YOUR ASSIGNMENT. With the pictures left out, write out exactly the lines of the listing below that run from the line with "this 1536×1728 image." through the line with "Some of the words".

SOURCE MATERIAL.
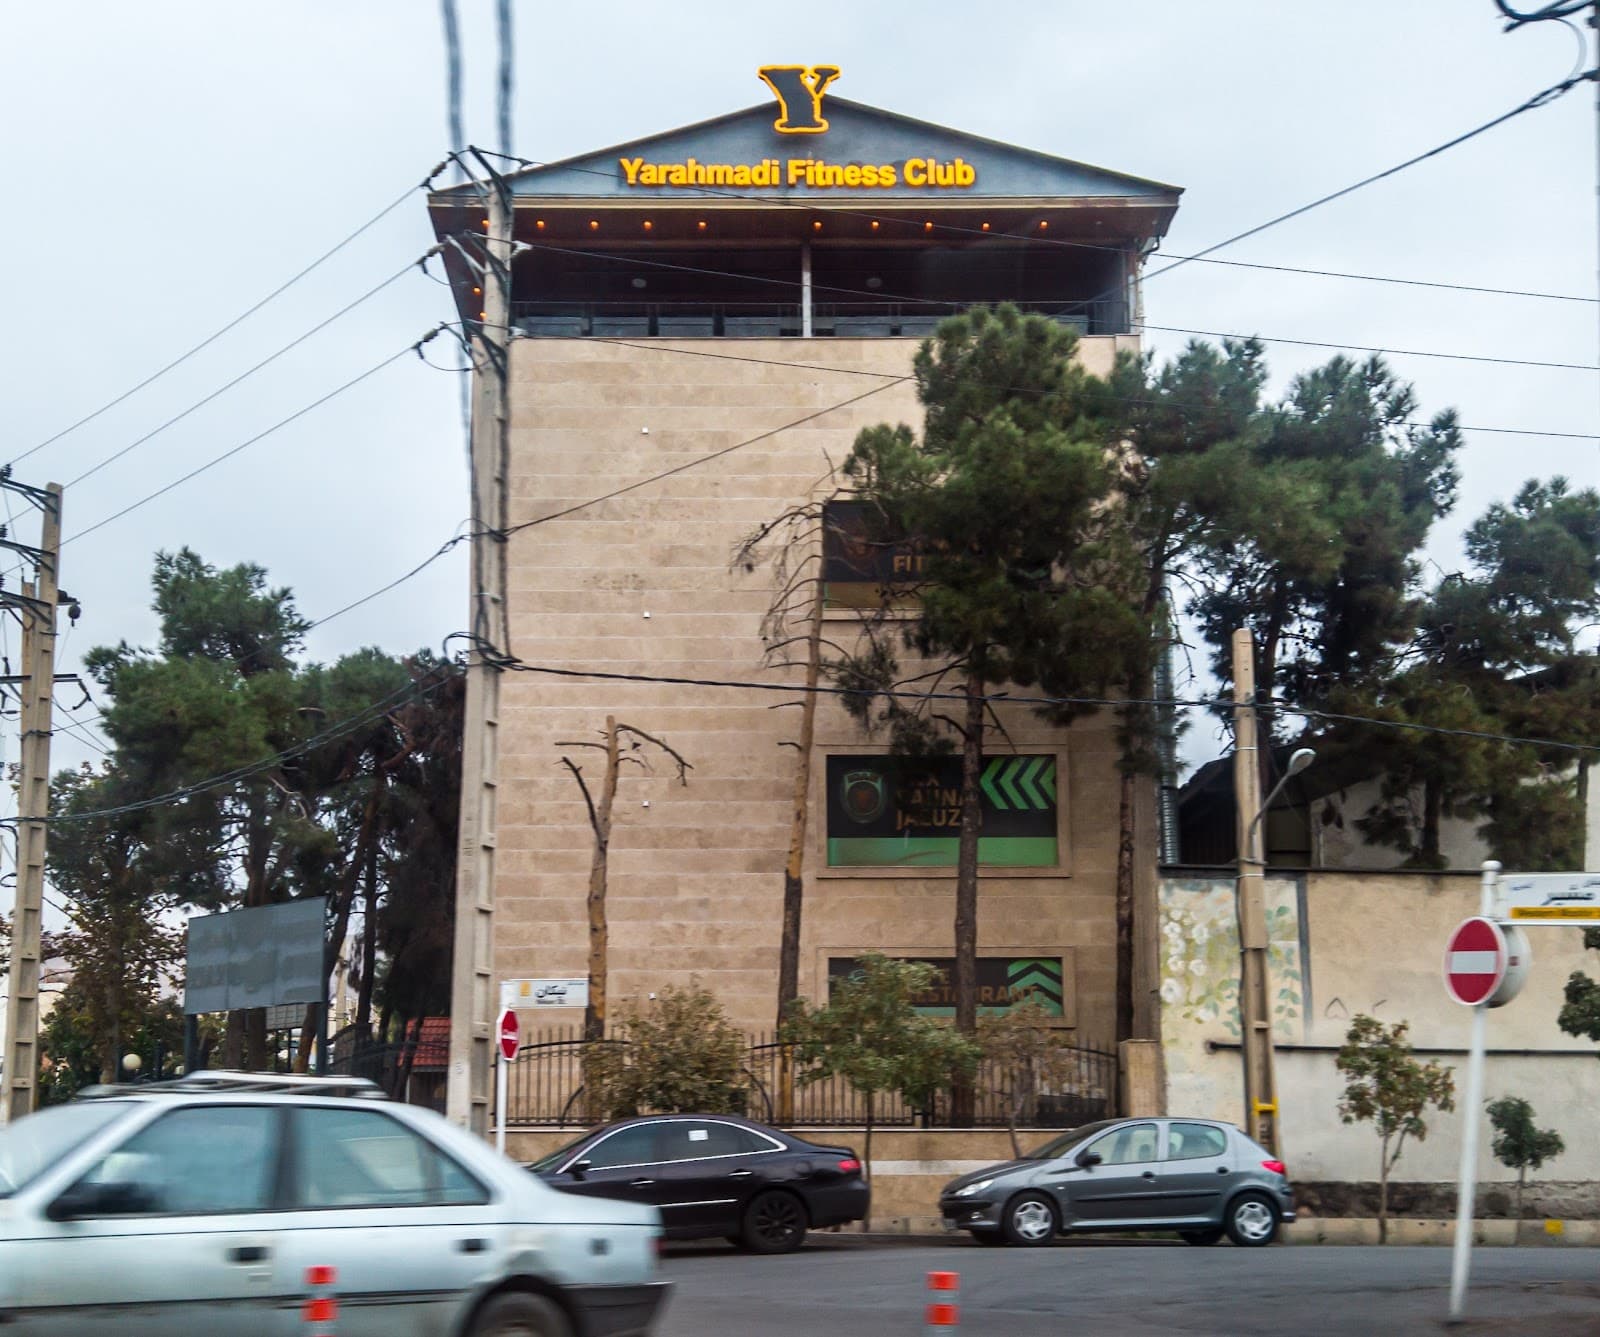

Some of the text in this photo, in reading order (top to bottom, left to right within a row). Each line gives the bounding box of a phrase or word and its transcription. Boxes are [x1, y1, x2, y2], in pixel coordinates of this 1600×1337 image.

---

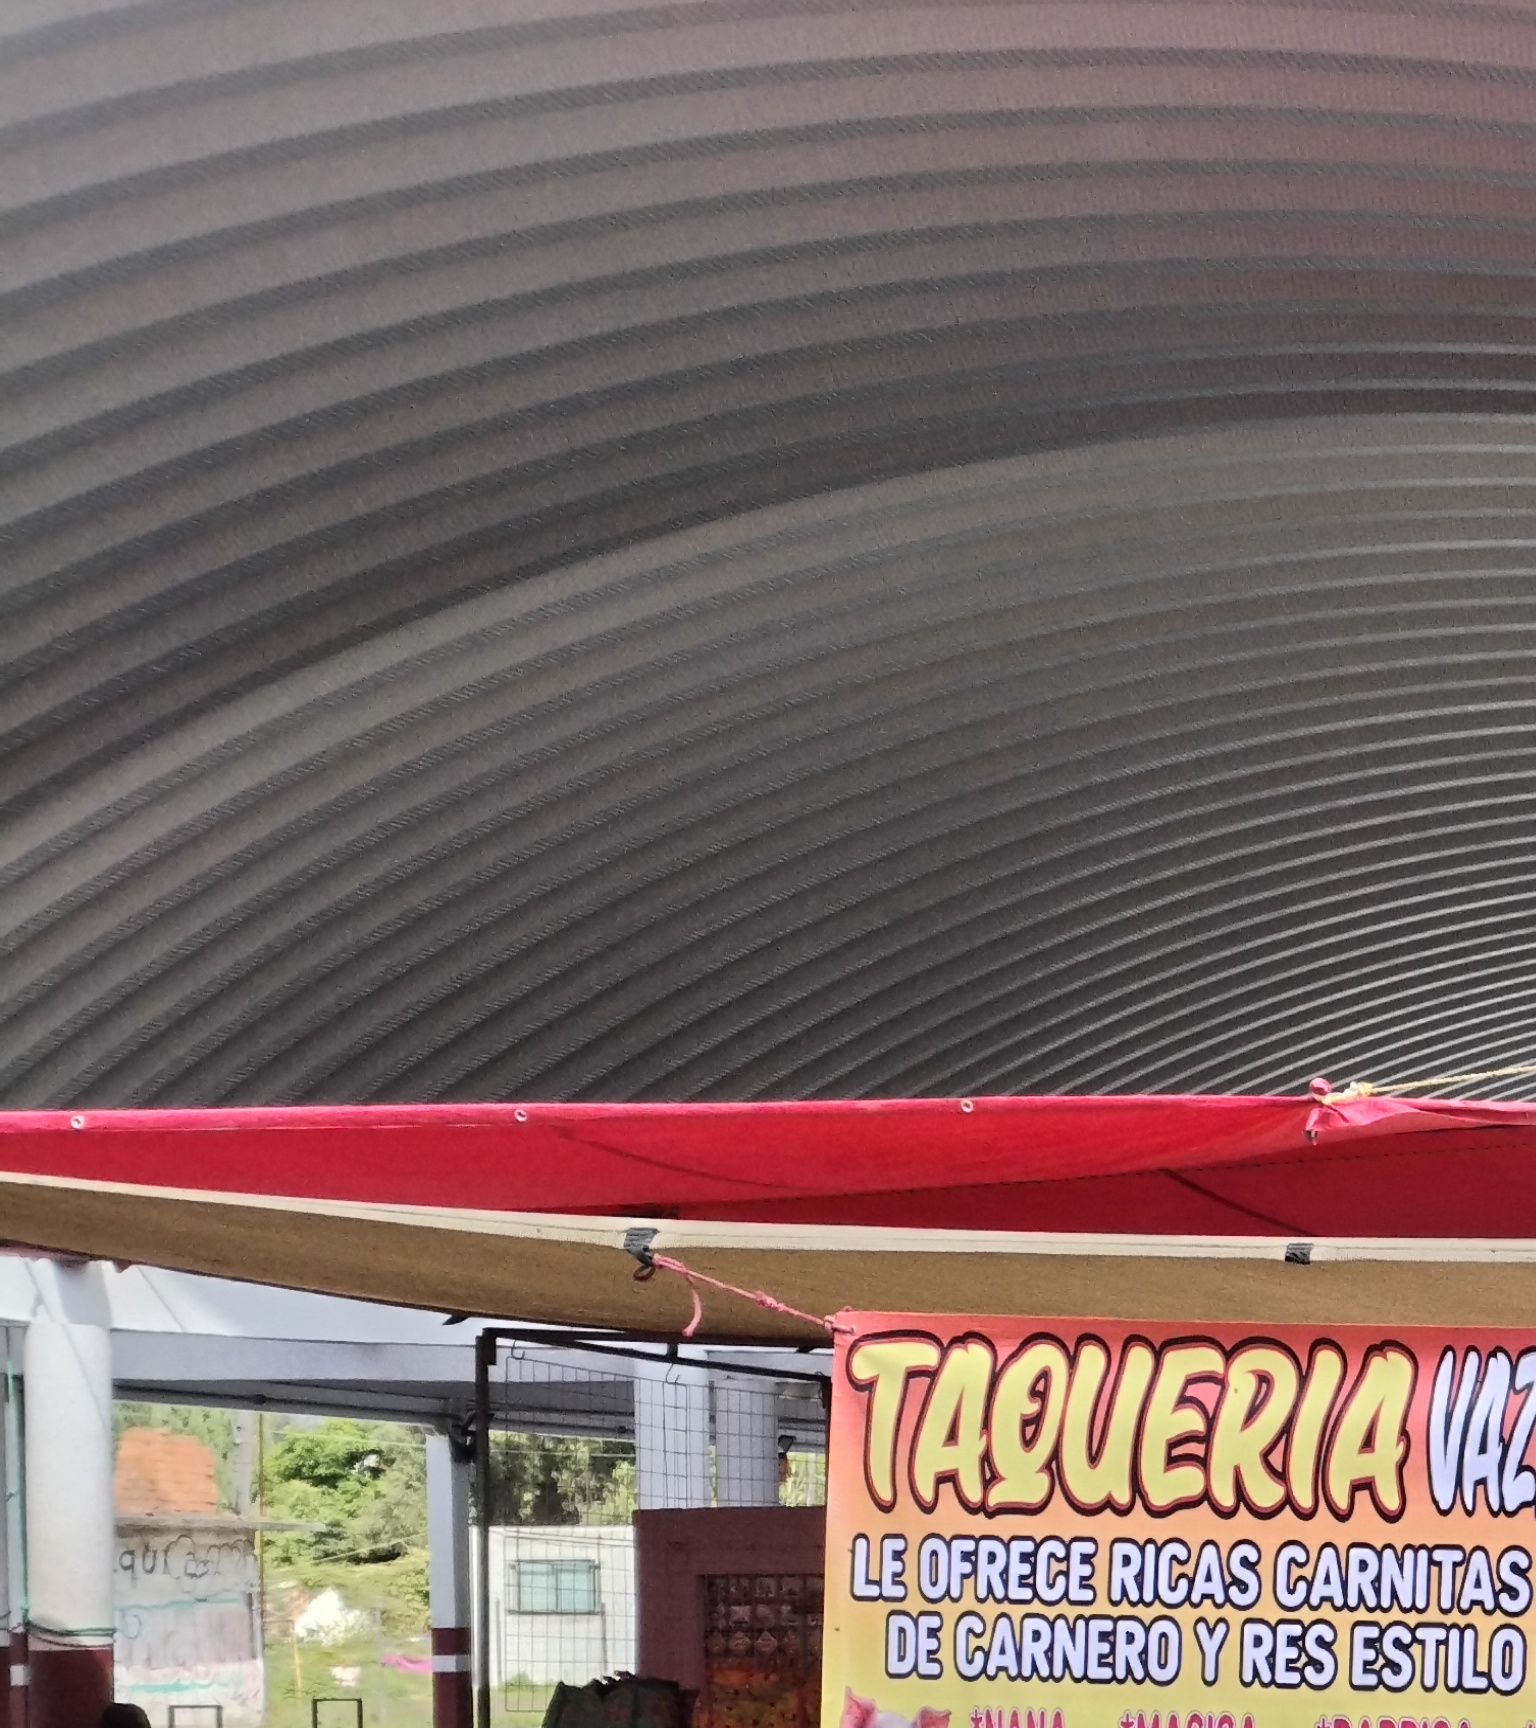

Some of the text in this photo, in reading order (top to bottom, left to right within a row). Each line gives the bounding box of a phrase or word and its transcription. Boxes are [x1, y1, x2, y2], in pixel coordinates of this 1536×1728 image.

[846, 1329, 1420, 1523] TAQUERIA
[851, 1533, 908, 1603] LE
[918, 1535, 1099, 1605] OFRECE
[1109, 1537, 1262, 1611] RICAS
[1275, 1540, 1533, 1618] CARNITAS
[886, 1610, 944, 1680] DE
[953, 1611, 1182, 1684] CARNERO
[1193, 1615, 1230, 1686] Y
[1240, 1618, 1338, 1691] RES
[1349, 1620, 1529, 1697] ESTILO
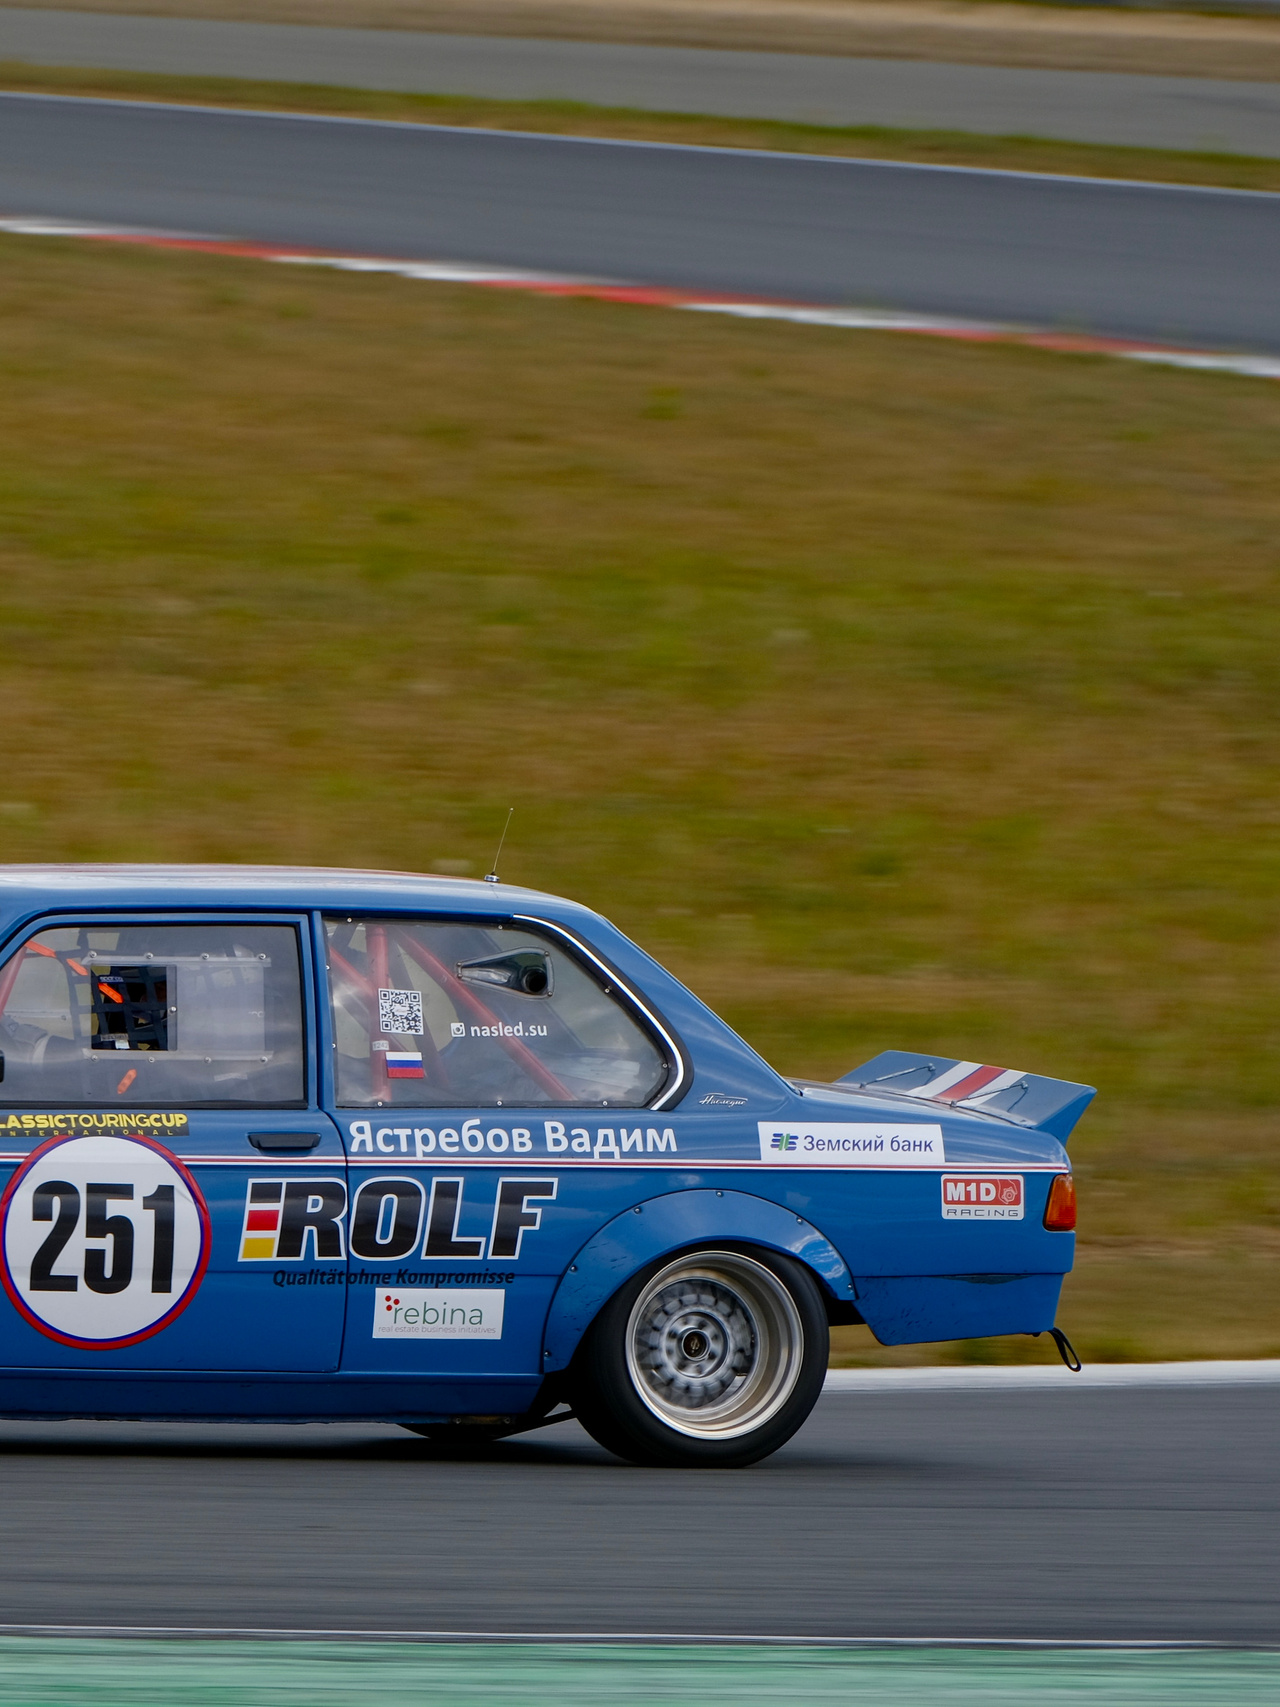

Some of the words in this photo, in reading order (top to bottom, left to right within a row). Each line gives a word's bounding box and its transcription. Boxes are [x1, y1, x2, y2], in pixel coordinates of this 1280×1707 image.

REPLY.
Some of the text in this photo, in reading order (top to bottom, left to right within a row). Each line gives the bounding box of a phrase or word and its transcription. Boxes are [x1, y1, x2, y2], in pixel coordinates of this 1536×1728 image.

[846, 1329, 1420, 1523] TAQUERIA
[851, 1533, 908, 1603] LE
[918, 1535, 1099, 1605] OFRECE
[1109, 1537, 1262, 1611] RICAS
[1275, 1540, 1533, 1618] CARNITAS
[886, 1610, 944, 1680] DE
[953, 1611, 1182, 1684] CARNERO
[1193, 1615, 1230, 1686] Y
[1240, 1618, 1338, 1691] RES
[1349, 1620, 1529, 1697] ESTILO

Some of the words in this photo, in reading order (top to bottom, left to right within a row). Each line gives a word's bounding box and its transcription. Boxes are [x1, y1, x2, y2], in pixel coordinates of this 1280×1707 image.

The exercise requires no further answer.